Provably Unlearnable Examples

The exploitation of publicly accessible data has led to escalating concerns regarding data privacy and intellectual property (IP) breaches in the age of artificial intelligence. As a strategy to safeguard both data privacy and IP-related domain knowledge, efforts have been undertaken to render shared data unlearnable for unauthorized models in the wild. Existing methods apply empirically optimized perturbations to the data in the hope of disrupting the correlation between the inputs and the corresponding labels such that the data samples are converted into Unlearnable Examples (UEs). Nevertheless, the absence of mechanisms that can verify how robust the UEs are against unknown unauthorized models and train-time techniques engenders several problems.
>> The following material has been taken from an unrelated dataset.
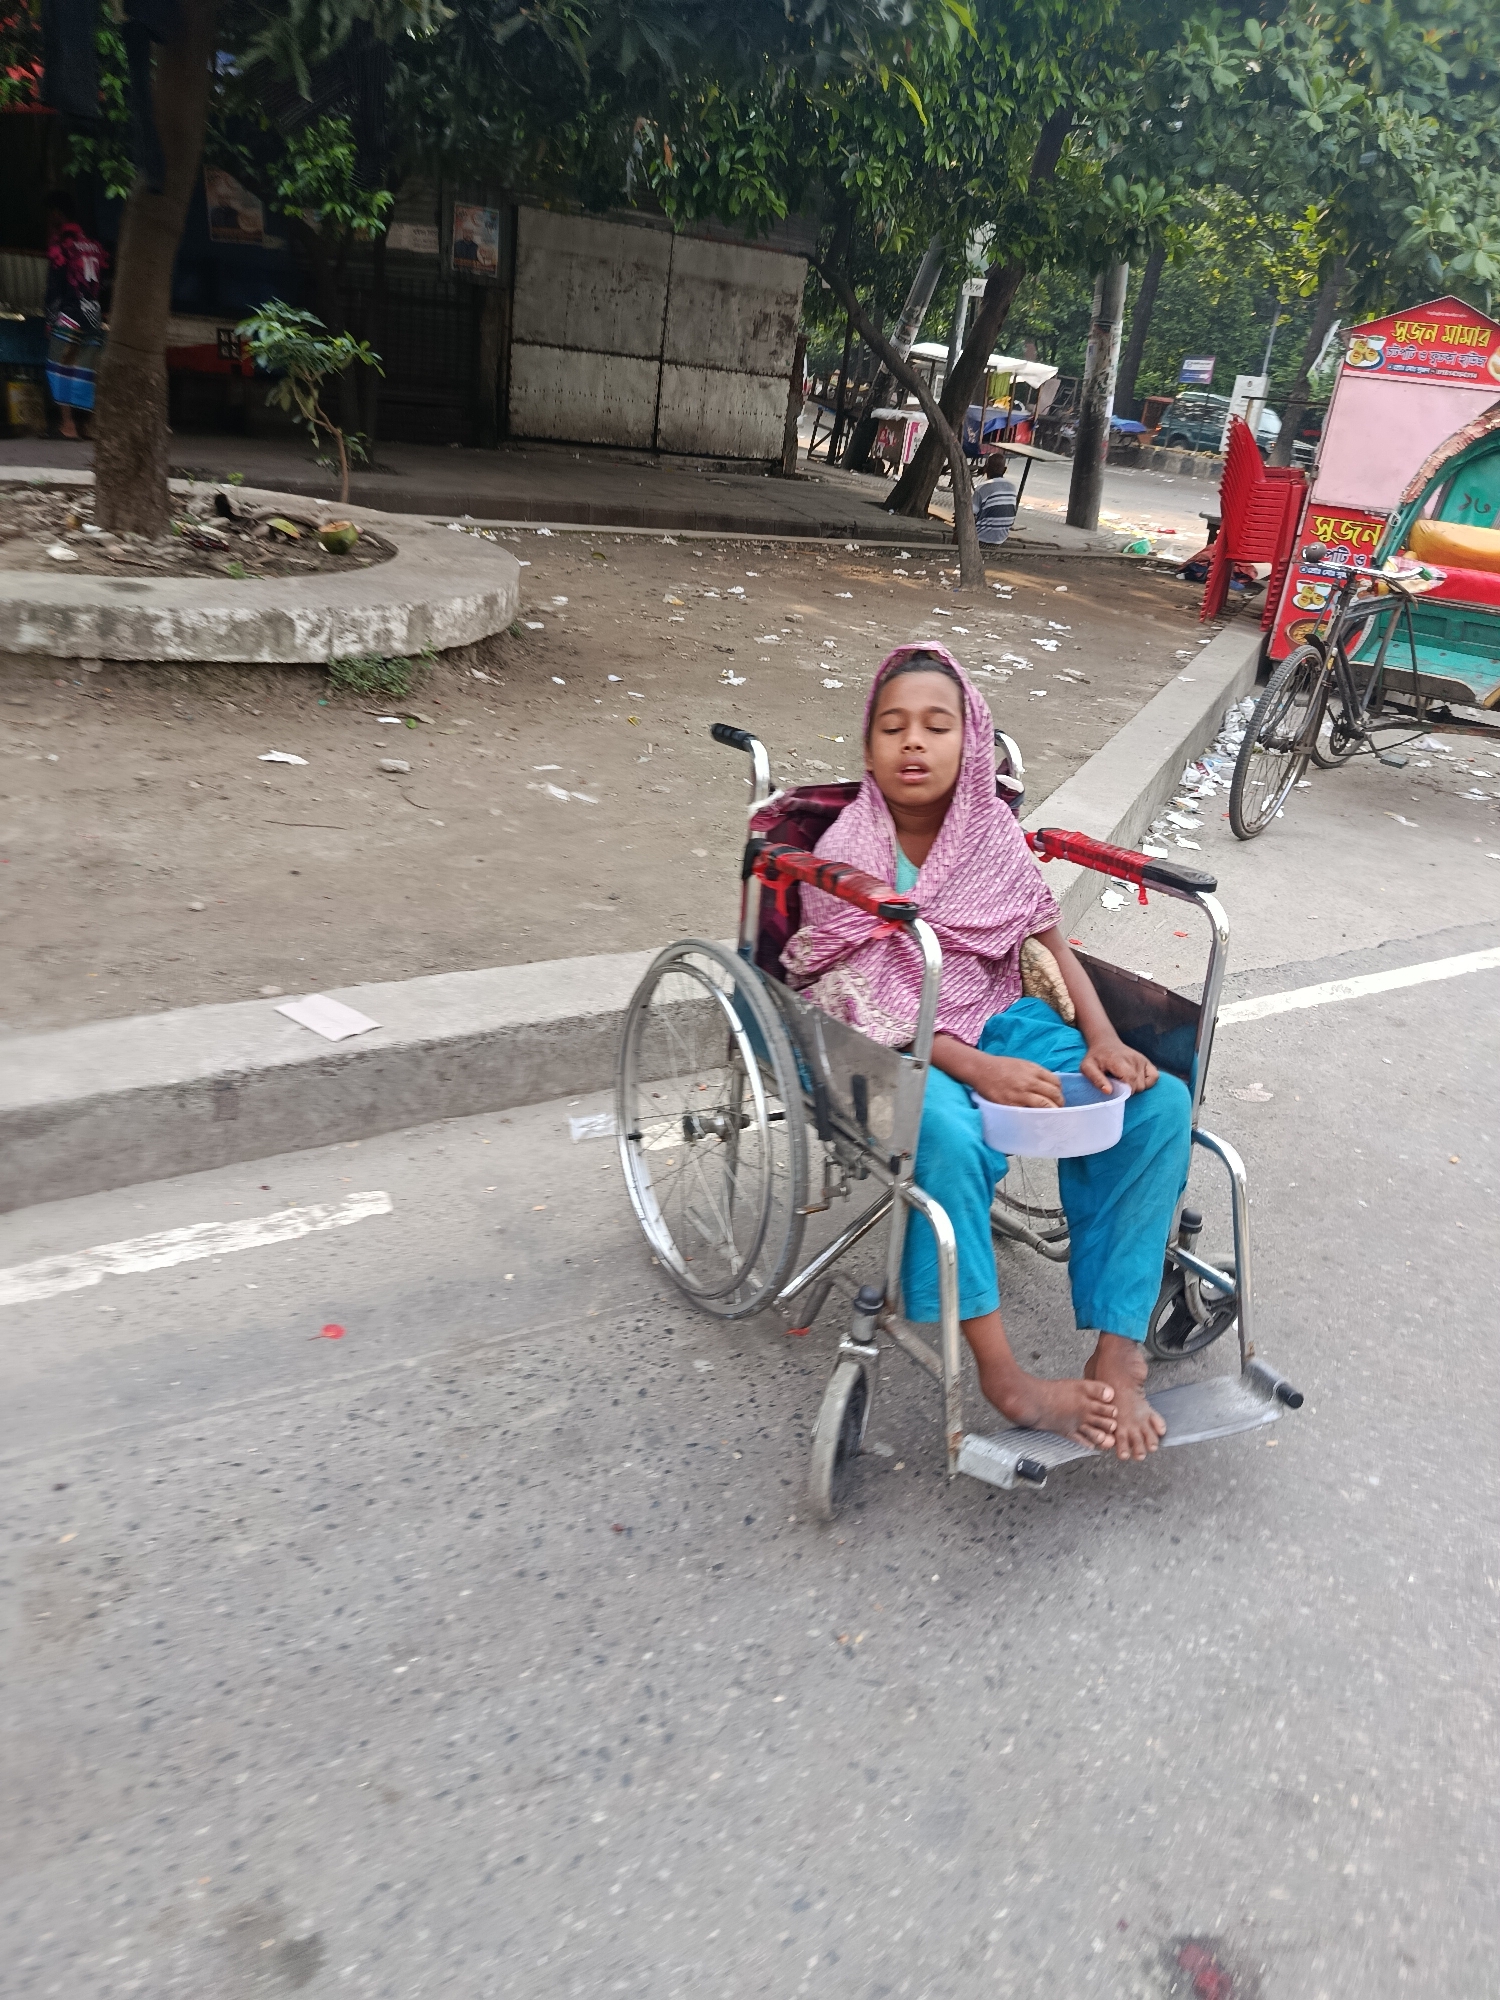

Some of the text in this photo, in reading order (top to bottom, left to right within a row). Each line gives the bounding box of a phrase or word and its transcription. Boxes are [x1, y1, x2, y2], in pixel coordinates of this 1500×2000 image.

[1391, 320, 1493, 347] সুজন মামার
[1309, 515, 1384, 548] সুজন
First, the empirically optimized perturbations may suffer from the problem of cross-model generalization, which echoes the fact that the unauthorized models are usually unknown to the defender. Second, UEs can be mitigated by train-time techniques such as data augmentation and adversarial training. Furthermore, we find that a simple recovery attack can restore the clean-task performance of the classifiers trained on UEs by slightly perturbing the learned weights. To mitigate the aforementioned problems, in this paper, we propose a mechanism for certifying the so-called (q, η)-Learnability of an unlearnable dataset via parametric smoothing. A lower certified (q, η)-Learnability indicates a more robust protection over the dataset. Finally, we try to 1) improve the tightness of certified (q, η)-Learnability and 2) design Provably Unlearnable Examples (PUEs) which have reduced (q, η)-Learnability. According to experimental results, PUEs demonstrate both decreased certified (q, η)-Learnability and enhanced empirical robustness compared to existing UEs.